→ Assignment
Copy out the listing that follows, exactly, without its pictures.

→ Data section
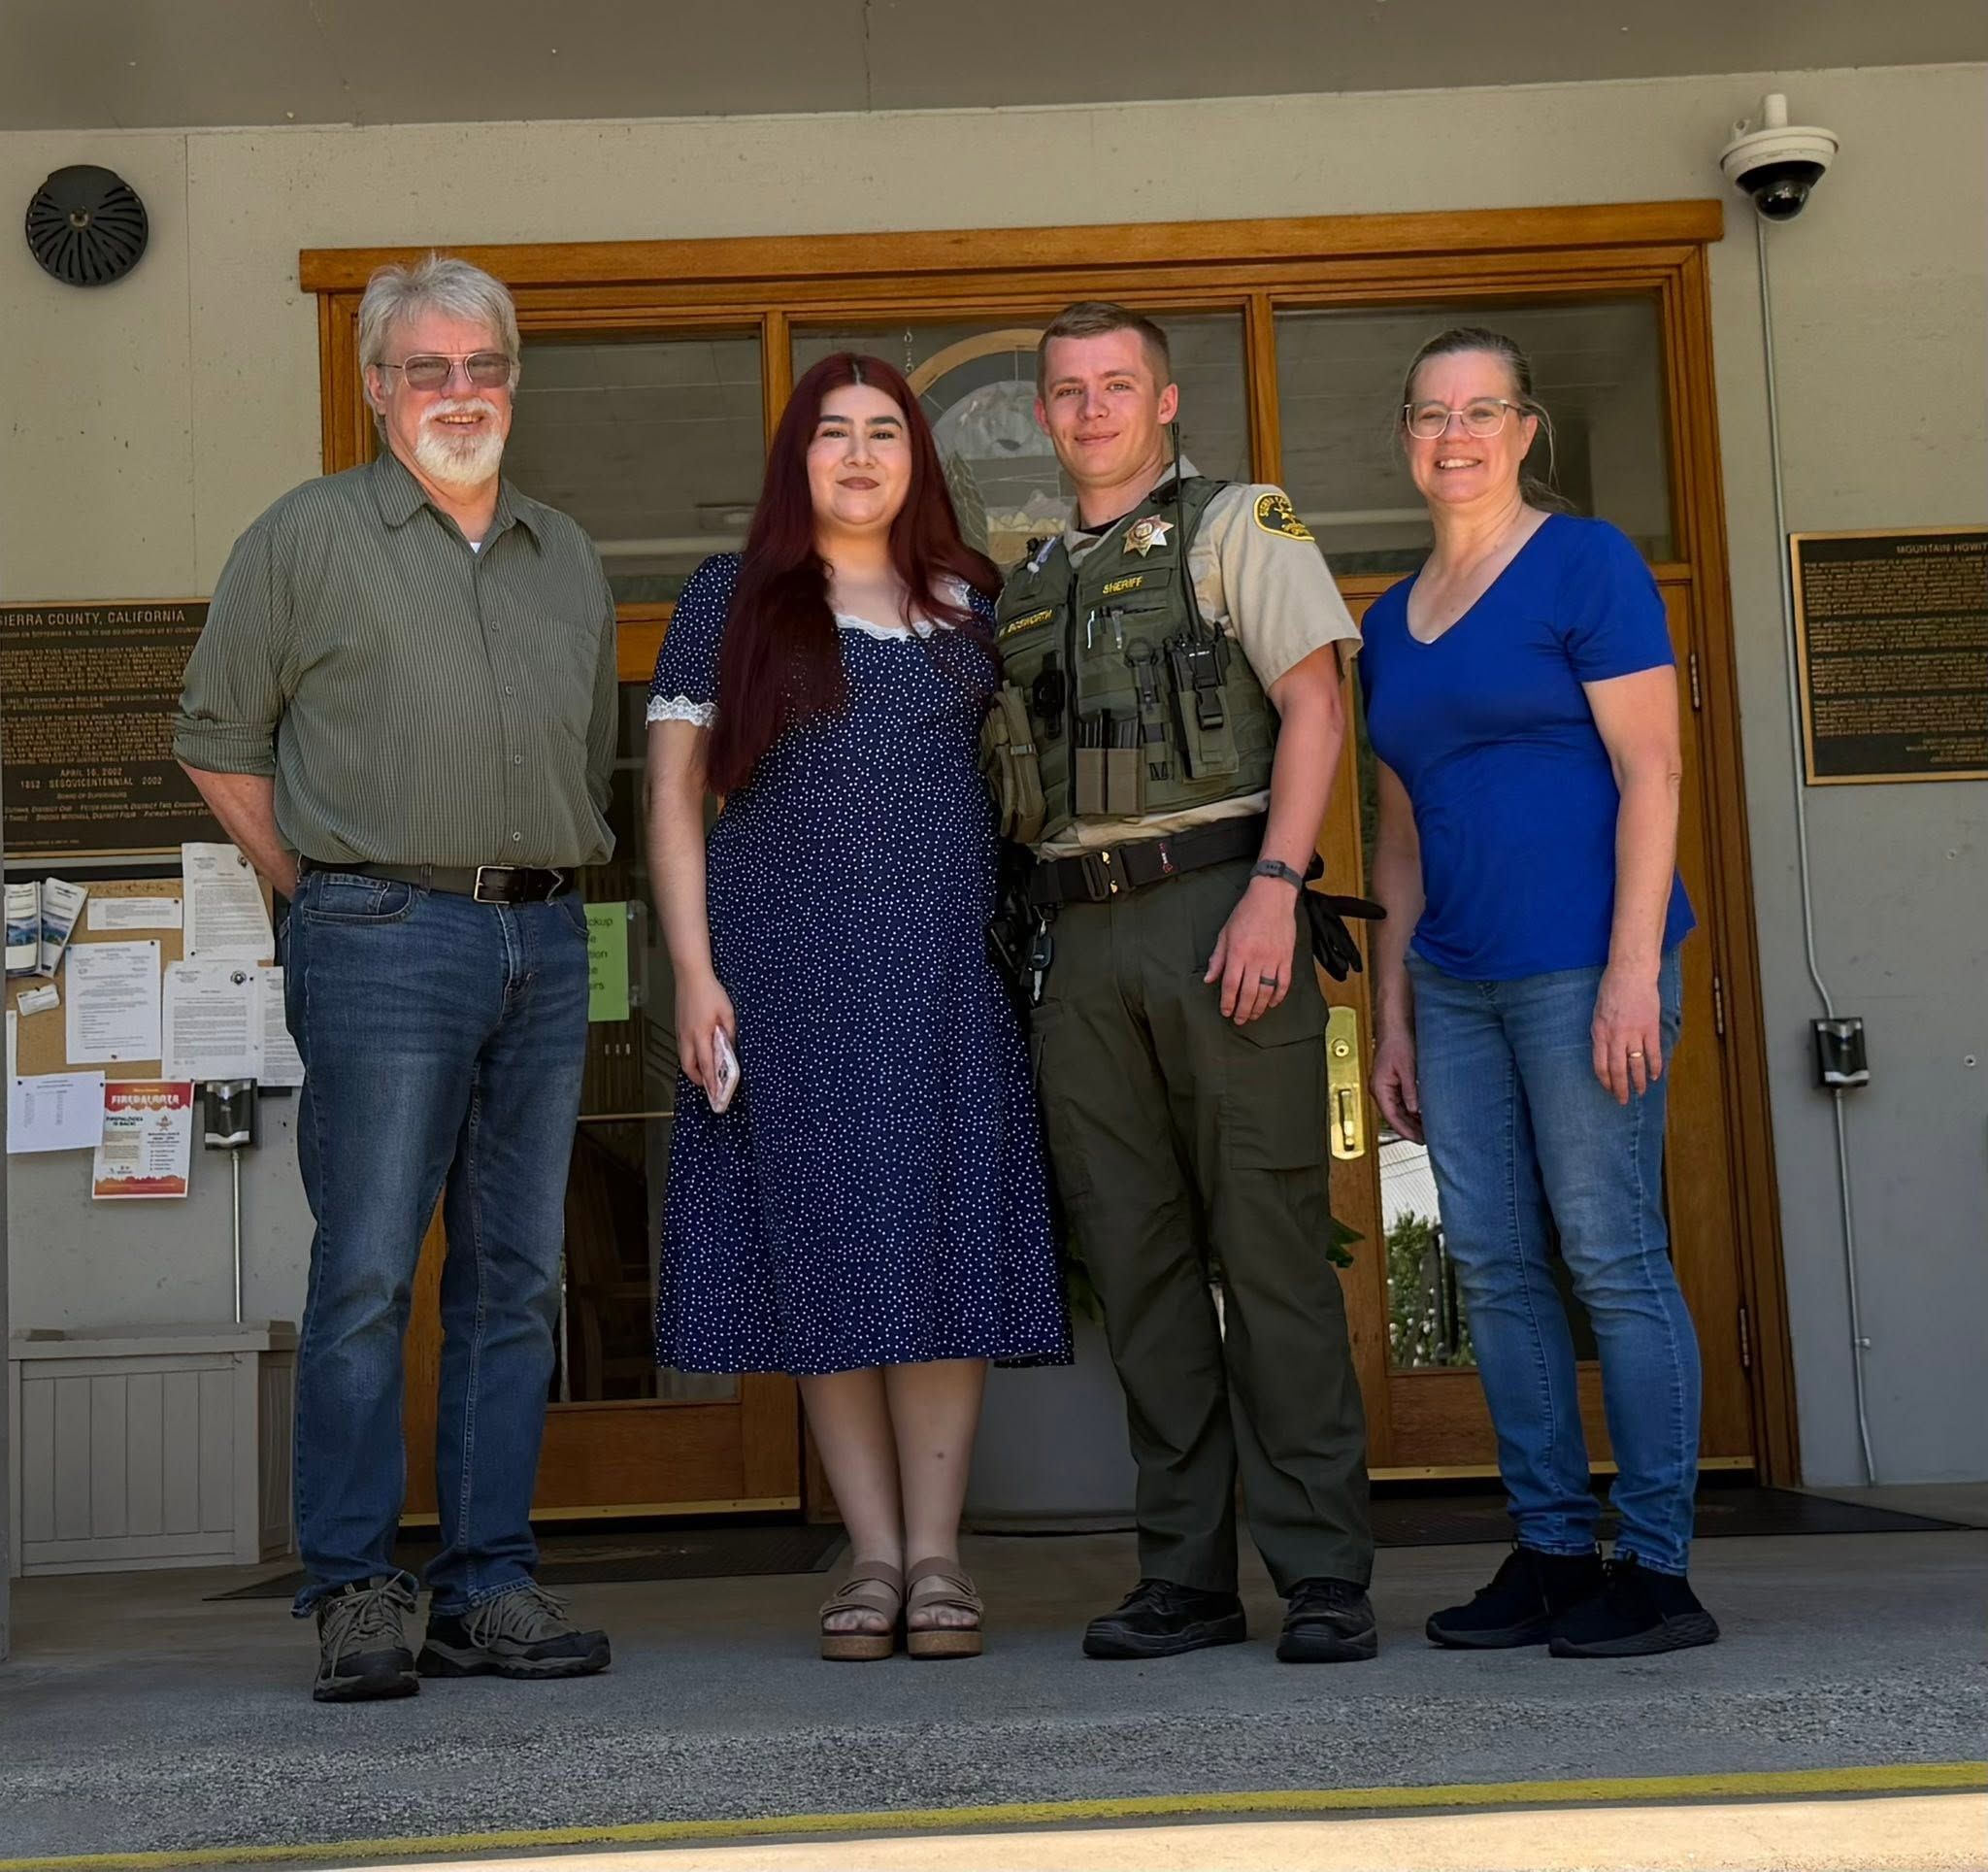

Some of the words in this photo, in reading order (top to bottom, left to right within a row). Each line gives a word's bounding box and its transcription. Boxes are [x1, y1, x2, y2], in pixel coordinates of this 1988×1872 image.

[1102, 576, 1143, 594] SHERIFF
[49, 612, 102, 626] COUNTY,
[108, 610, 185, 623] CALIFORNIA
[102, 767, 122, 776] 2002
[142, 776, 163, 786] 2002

→ The answer
Some of the words in this photo, in reading order (top to bottom, left to right within a row). Each line gives a word's bounding box and its transcription. Boxes are [x1, y1, x2, y2], in pixel coordinates of this 1988×1872 image.

[1102, 576, 1143, 594] SHERIFF
[49, 612, 102, 626] COUNTY,
[108, 610, 185, 623] CALIFORNIA
[102, 767, 122, 776] 2002
[142, 776, 163, 786] 2002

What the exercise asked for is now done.